Without including any pictures, reproduce the full listing exactly.

Records provided START

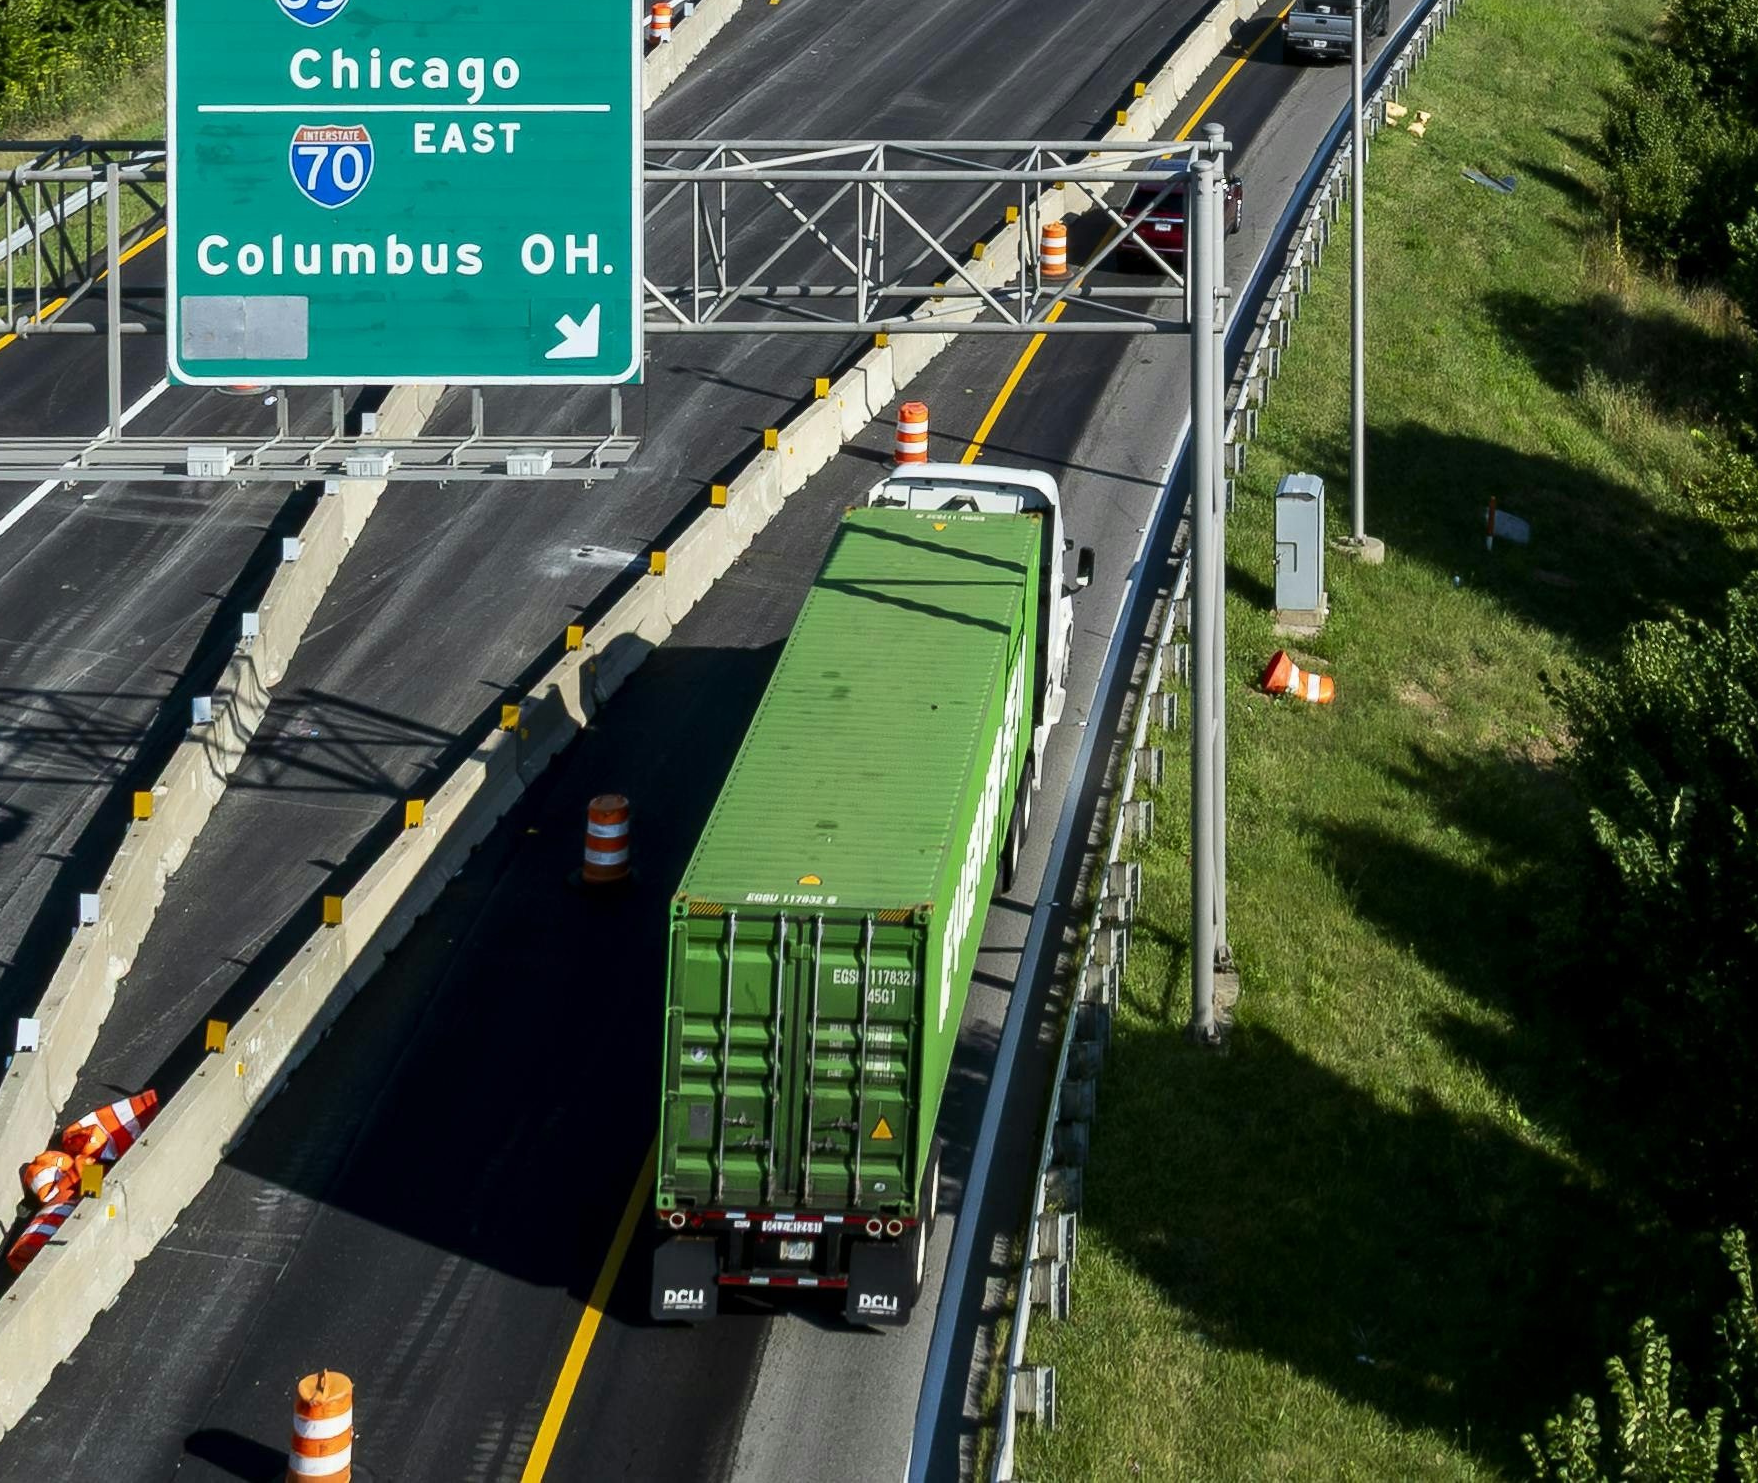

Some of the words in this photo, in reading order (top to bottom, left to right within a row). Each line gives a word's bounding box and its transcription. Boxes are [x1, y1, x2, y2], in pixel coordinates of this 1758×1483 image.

[289, 48, 520, 105] Chicago
[303, 130, 360, 141] INTERSTATE
[413, 122, 521, 154] EAST
[298, 145, 364, 192] 70
[197, 234, 483, 276] Columbus
[521, 234, 614, 275] OH.
[870, 969, 911, 987] 117832
[867, 988, 896, 1005] 45G1
[663, 1288, 704, 1304] DCLI
[858, 1293, 898, 1310] DCLI

Records provided END

= Response to the task =
Some of the words in this photo, in reading order (top to bottom, left to right within a row). Each line gives a word's bounding box and its transcription. Boxes are [x1, y1, x2, y2], in pixel coordinates of this 1758×1483 image.

[289, 48, 520, 105] Chicago
[303, 130, 360, 141] INTERSTATE
[413, 122, 521, 154] EAST
[298, 145, 364, 192] 70
[197, 234, 483, 276] Columbus
[521, 234, 614, 275] OH.
[870, 969, 911, 987] 117832
[867, 988, 896, 1005] 45G1
[663, 1288, 704, 1304] DCLI
[858, 1293, 898, 1310] DCLI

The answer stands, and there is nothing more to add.